Jaime se mantiene en forma, pero espreso lo mismo que mi madre “por fuera porque por dentro no sabemos” y ahí sentadito en el sofá se veía tan entero y tan alineado, pero a la hora de pararse para tomar la medicina que Elena le dijo le acababan de preparar sus pasos delataron la edad, delataron los 45 años en Madrid, los cuatro hijos, los muchos años de trabajo y la vida en el pueblo con sus once hermanos, pero regresó a sentarse en su oratorio ante mi par de orejas fieles que le expresaron la voluntad de seguir escuchando.

Y lo escuché hasta que dio la hora de irse tras haber tomado el chocolate espeso a cucharadas, lo escuché porque yo ya no tengo viejos a quien escuchar, porque me quedé sin las historias de mi madre y de mi abuela, porque mi abuelo ya no está aquí desde hace tanto para contar, pero están sus voces, que las sigo escuchando y siempre por respeto a ellos escucho a todos los otros viejos que se me ponen al camino, así sean los abuelos o los padres de alguien otro, así sea un desconocido en el tren o en una sala de espera en algún aeropuerto, yo escucho porque traigo puestas este par de orejas y observo porque me gusta abrir este par de ojos y enfocarme en los detalles, como en las manchas de su piel, o en los pelos de sus largas cejas.

Escucho porque así se me impregnan las historias y pasado el tiempo son las historias las que me acompañan y me susurran narraciones al oído, son las voces de mis viejos, de mis muertos que me cuentan cuentos y así como ahora al oído, justo a la hora de irse a dormir.

Un café de mantel de flores

De ánimo ambulatorio nació con la camisa oliendo a sudor y un R45 haciendo ruido en la pequeñísima salita de un piso aún más pequeño que aspiraba a encarnar la independencia de una mujer en sus medios veintitantos que empezaba a vivir sola. El entorno no era sofisticado en lo absoluto, no era el piso de sótano de Brooklyn, la pensión de estudiante de Madrid ni la habitación rentada en las calles del centro de Coyoacán. El piso con el aparato de aire más ruidoso del mundo estaba en una de esas ciudades donde el aire se corta con cuchillo en la época de calor, donde respirar es un esfuerzo de a bocanadas que toman su tiempo para encontrar un poco aire fresco que entre a los pulmones.

De ánimo ambulatorio nació de noche, como la mayoría de las creaciones de las almas libres, nació de noche donde las sombras, los ruidos y los nombres cambian de forma.

De ánimo ambulatorio se fue creando de la influencia de amigos que rodeaban mi pequeñísimo piso de renta con pisos sin tapetes y con el tapete como cubre-futtón-rojo.

Porque el ánimo era por demás ambulatorio en esos años de abundancia de vida donde saborear la libertad y la capacidad creativa era un placer que se compartía con otros creadores y sibaritas de la zona. Mi abuela diría “Dios los hace y ellos se juntan” y así como gotas de mercurio mi llegada solitaria a las tierras coahuilenses fue atrayendo hacia a mí otras almas creativas que buscaban sus propias respuestas en la pintura, en la fotografía, en la escultura, en la música y en las letras.

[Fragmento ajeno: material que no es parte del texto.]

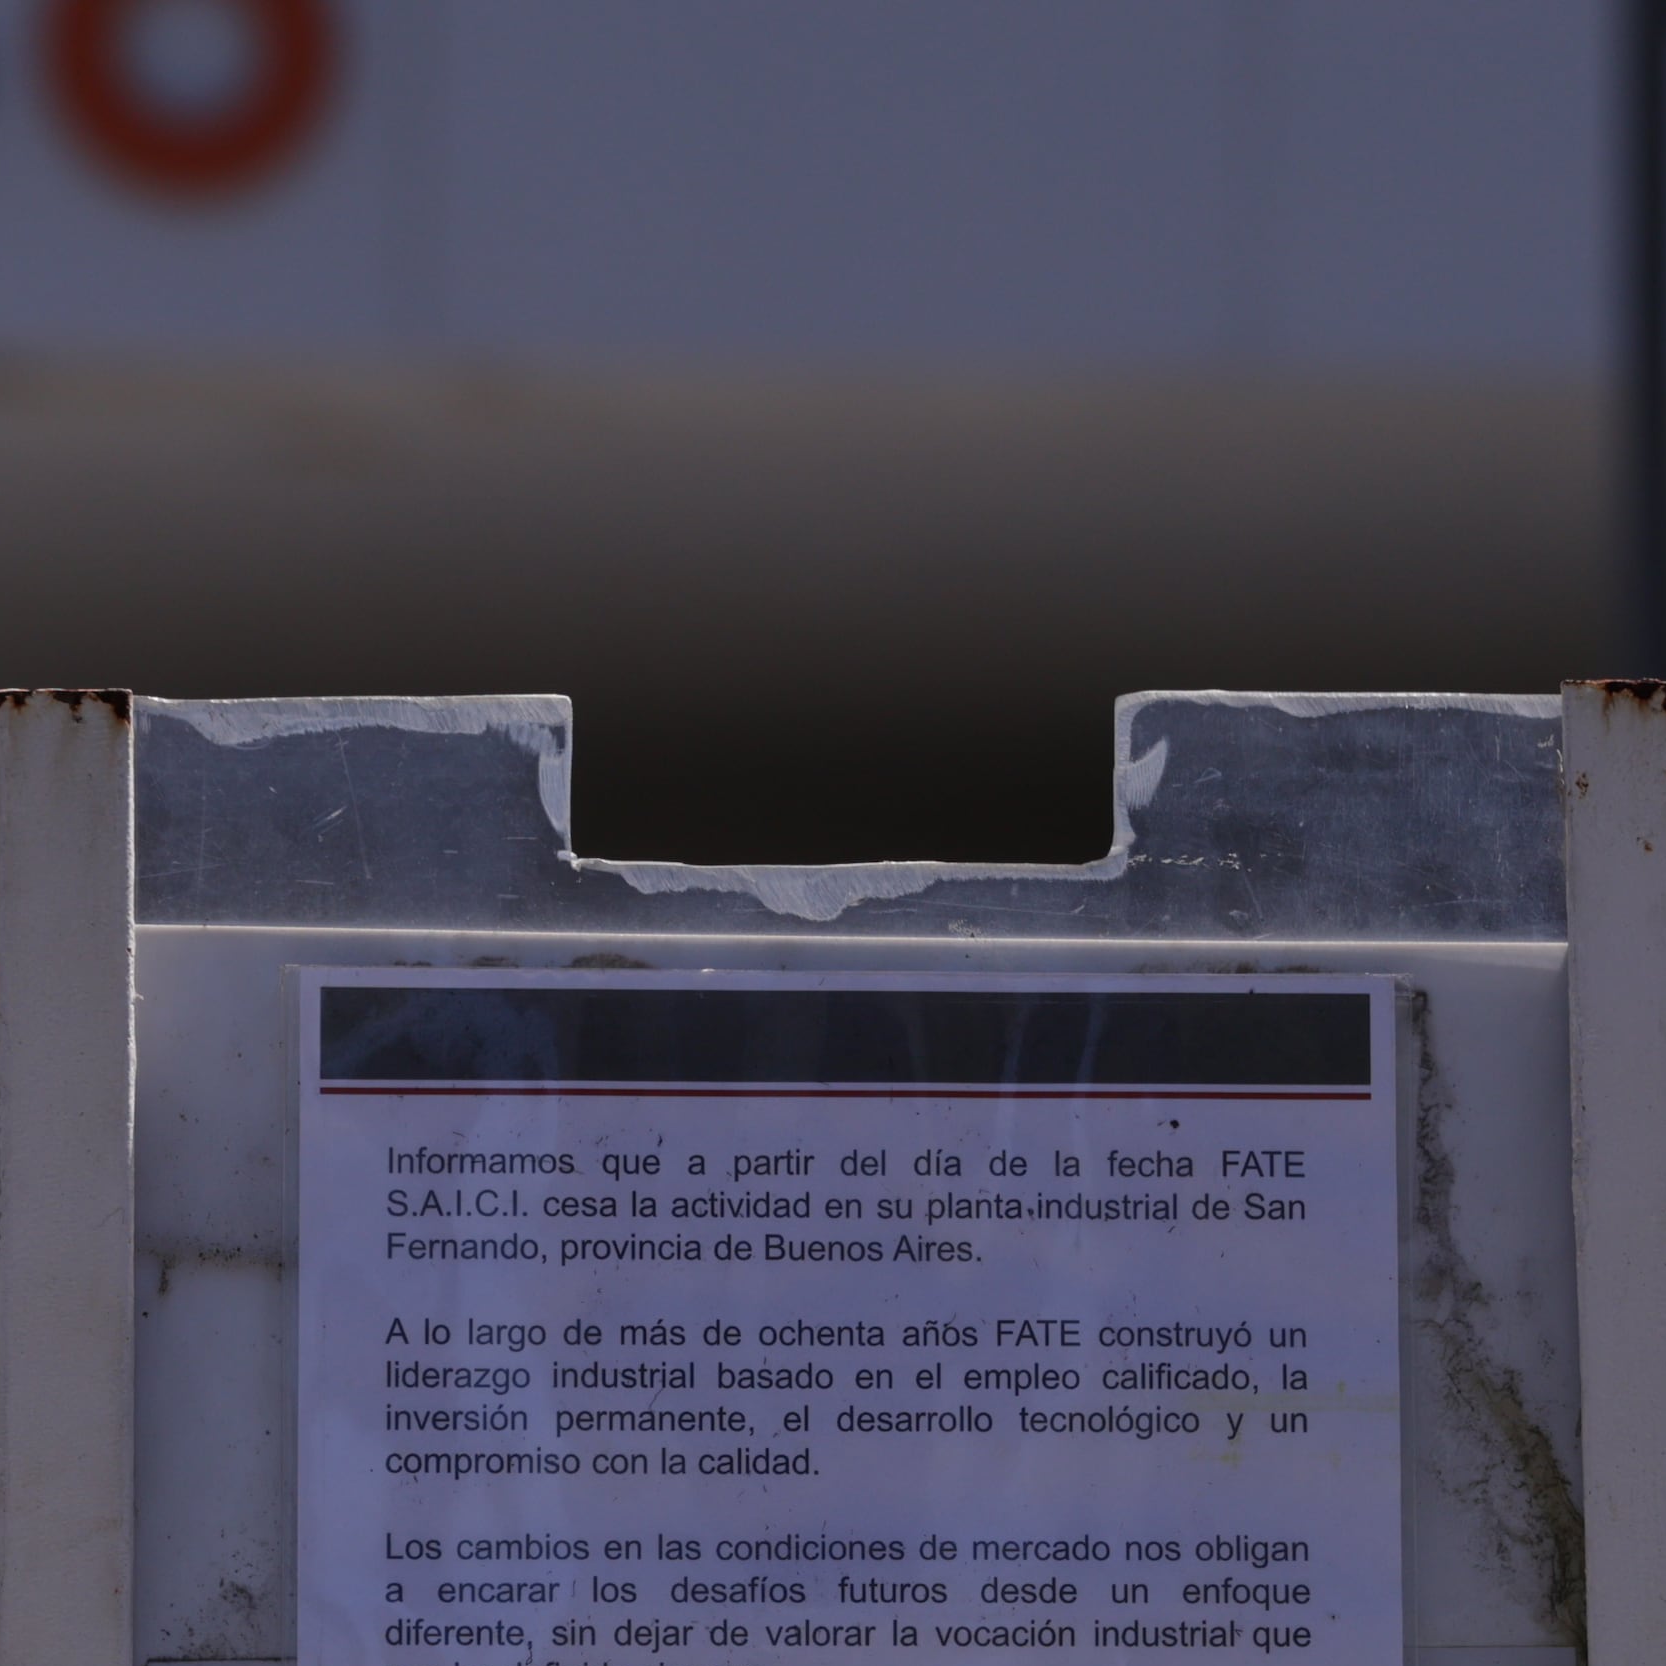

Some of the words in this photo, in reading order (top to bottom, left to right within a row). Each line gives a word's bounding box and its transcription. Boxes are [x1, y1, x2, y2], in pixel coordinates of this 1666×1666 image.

[388, 1147, 576, 1175] Informamos
[601, 1154, 662, 1182] que
[687, 1154, 706, 1176] a
[732, 1147, 816, 1183] partir
[839, 1148, 886, 1177] del
[913, 1148, 962, 1177] día
[988, 1149, 1028, 1177] de
[1054, 1149, 1081, 1178] la
[1106, 1149, 1194, 1178] fecha
[1221, 1149, 1306, 1179] FATE
[386, 1188, 529, 1218] S.A.I.C.I.
[542, 1195, 618, 1218] cesa
[631, 1189, 658, 1219] la
[670, 1190, 811, 1219] actividad
[824, 1197, 862, 1220] en
[876, 1198, 913, 1220] su
[924, 1191, 1026, 1225] planta
[1036, 1191, 1178, 1221] industrial
[1191, 1192, 1231, 1221] de
[1243, 1191, 1306, 1221] San
[386, 1231, 548, 1265] Fernando,
[560, 1232, 702, 1267] provincia
[713, 1233, 753, 1262] de
[764, 1233, 884, 1263] Buenos
[892, 1234, 982, 1263] Aires.
[384, 1316, 410, 1345] A
[424, 1317, 452, 1346] lo
[468, 1317, 547, 1353] largo
[562, 1317, 603, 1347] de
[620, 1318, 686, 1347] más
[702, 1318, 742, 1347] de
[758, 1318, 886, 1347] ochenta
[901, 1319, 979, 1348] años
[996, 1319, 1082, 1347] FATE
[1098, 1320, 1253, 1355] construyó
[1269, 1327, 1307, 1349] un
[386, 1359, 531, 1396] liderazgo
[552, 1360, 695, 1390] industrial
[717, 1360, 834, 1390] basado
[854, 1368, 894, 1390] en
[915, 1361, 942, 1390] el
[963, 1362, 1081, 1397] empleo
[1101, 1361, 1259, 1395] calificado,
[1282, 1362, 1308, 1391] la
[386, 1403, 528, 1432] inversión
[556, 1405, 755, 1438] permanente,
[783, 1404, 810, 1433] el
[836, 1404, 994, 1433] desarrollo
[1018, 1404, 1200, 1441] tecnológico
[1226, 1412, 1244, 1441] y
[1270, 1412, 1308, 1434] un
[384, 1446, 581, 1483] compromiso
[591, 1453, 648, 1476] con
[661, 1447, 687, 1476] la
[697, 1447, 820, 1476] calidad.
[385, 1531, 443, 1561] Los
[456, 1532, 590, 1561] cambios
[603, 1539, 642, 1561] en
[657, 1532, 702, 1561] las
[715, 1533, 906, 1562] condiciones
[918, 1533, 958, 1561] de
[972, 1533, 1111, 1562] mercado
[1125, 1540, 1182, 1562] nos
[1194, 1534, 1309, 1569] obligan
[384, 1582, 404, 1604] a
[437, 1582, 560, 1604] encarar
[592, 1575, 638, 1604] los
[670, 1575, 807, 1604] desafíos
[837, 1575, 948, 1604] futuros
[980, 1576, 1078, 1605] desde
[1111, 1583, 1149, 1605] un
[1182, 1576, 1311, 1612] enfoque
[384, 1617, 533, 1652] diferente,
[551, 1618, 596, 1647] sin
[613, 1618, 694, 1654] dejar
[708, 1618, 749, 1647] de
[764, 1618, 877, 1647] valorar
[892, 1618, 918, 1648] la
[934, 1618, 1076, 1648] vocación
[1094, 1619, 1237, 1648] industrial
[1251, 1626, 1312, 1655] que

Fui encontrando espacios donde nunca me hubiera imaginado que había posibilidad de expresión, los días se hacían de acero y de escoria y las noches se iban creando de voces y de ideas, así en las ranuras de la cotidianeidad fuimos haciendo brechas con espacios en la radio como “La hora de nadie” donde nos dábamos el lujo de tocar esa música propuesta del alma de un melómano, leer poesía y cuentos y beber café, eso era lo que más hacíamos entre rola y rola, beber café. Se fue creando una audiencia de noctámbulos que se identificaron con los tres bohemios irreverentes en la cabina de transmisión y que agradecían la frescura de nuestra espontaneidad y se hicieron fieles seguidores de sintonizar la radio a media semana para cerrar la transmisión rayando la media noche.

Creamos oasis en la médula del oasis Monclovense y disfrutamos del espacio y disfrutamos de la audiencia y disfrutamos de las llamadas del público y disfrutamos de la noche pero más que todo disfrutábamos de nuestra propia compañía y de nuestras voces.

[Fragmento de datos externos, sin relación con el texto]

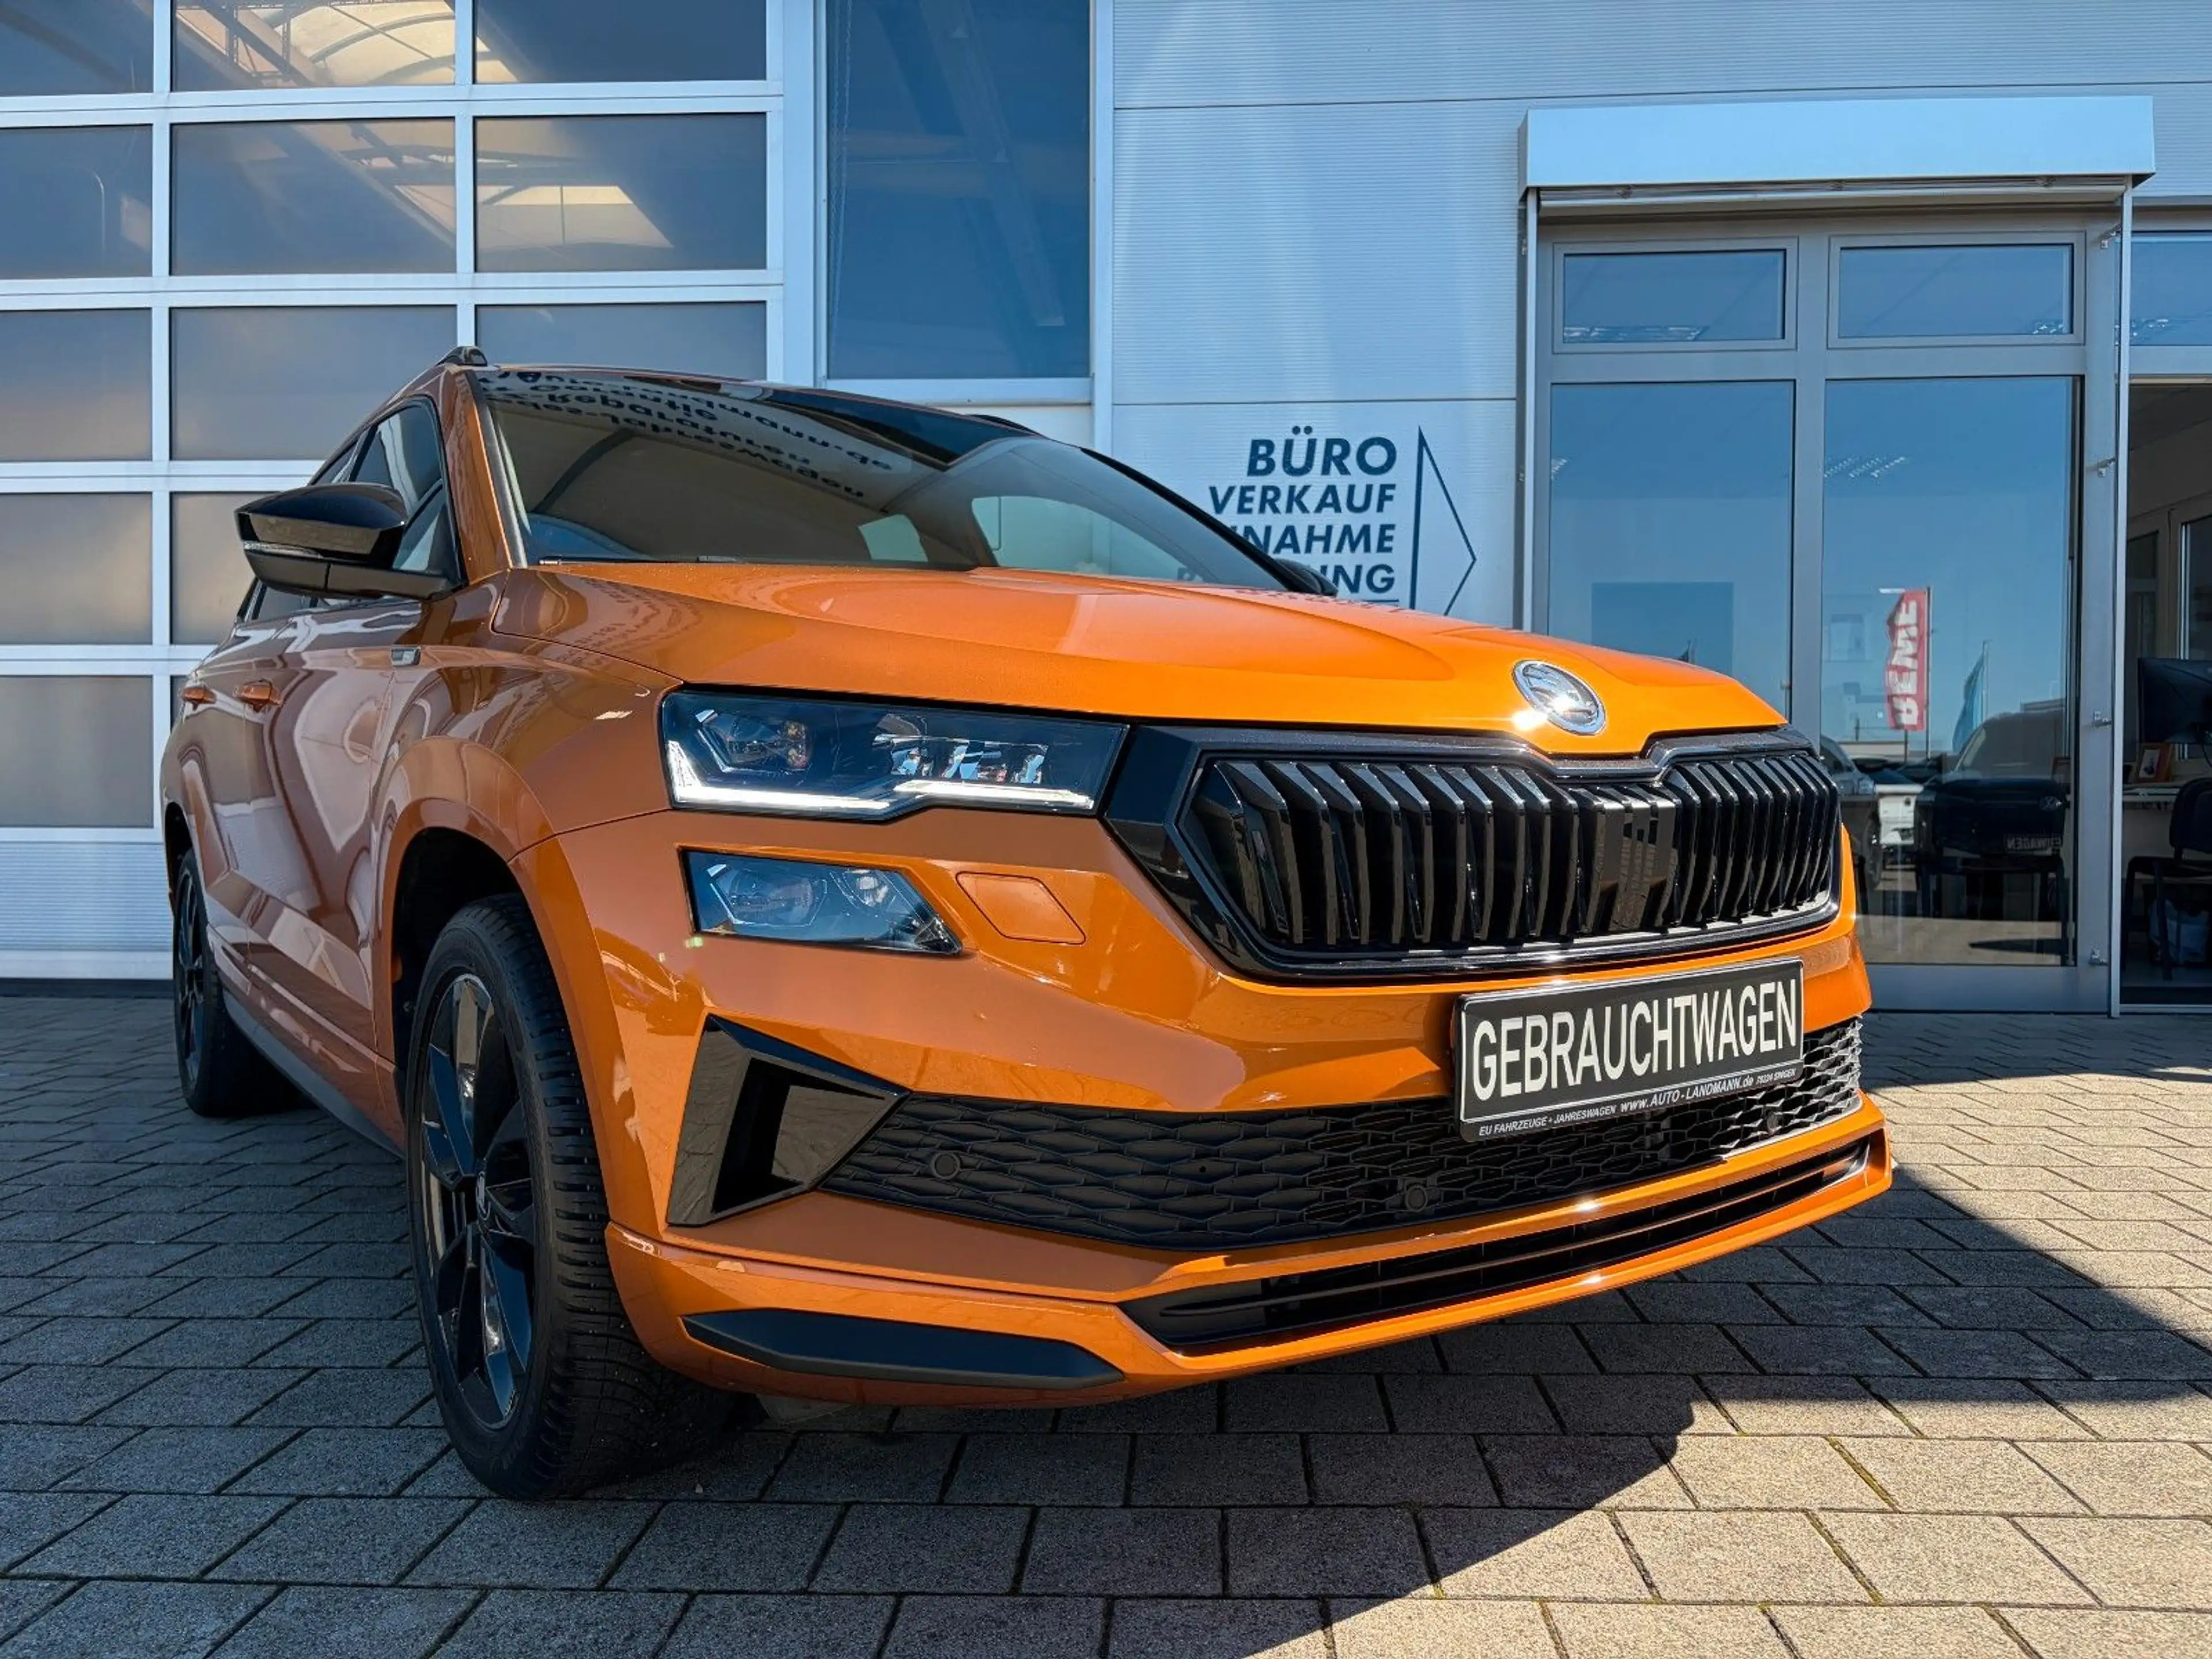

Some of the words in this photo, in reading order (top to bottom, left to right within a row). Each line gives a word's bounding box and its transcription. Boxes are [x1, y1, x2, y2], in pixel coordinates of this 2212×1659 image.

[1247, 426, 1397, 476] BÜRO
[1209, 484, 1397, 515] VERKAUF
[1231, 524, 1396, 554] NAHME
[1473, 979, 1797, 1100] GEBRAUCHTWAGEN
[1479, 1126, 1492, 1137] EU
[1494, 1116, 1548, 1134] FAHRZEUGE
[1554, 1107, 1616, 1124] JAHRESWAGEN

Y se hizo ”la hora de nadie” y a la palabra hablada le siguió la letra escrita y se abrió una ranura más en el status quo de la sociedad de Monclova con una angosta columna semanal en el periódico El Tiempo y ahí por vez primera apareció “De ánimo ambulatorio” sería acaso 1997, no lo recuerdo fueron ocho años de vida en Monclova donde los primeros tiempos fueron tan difíciles que no encontraba siquiera el cuchillo para cortar el aire caliente que respiraba para terminar sintiendo una pertenencia tan profunda que a mis pies tan ligeros les empezaron a salir raíces semejantes a las de los mezquites.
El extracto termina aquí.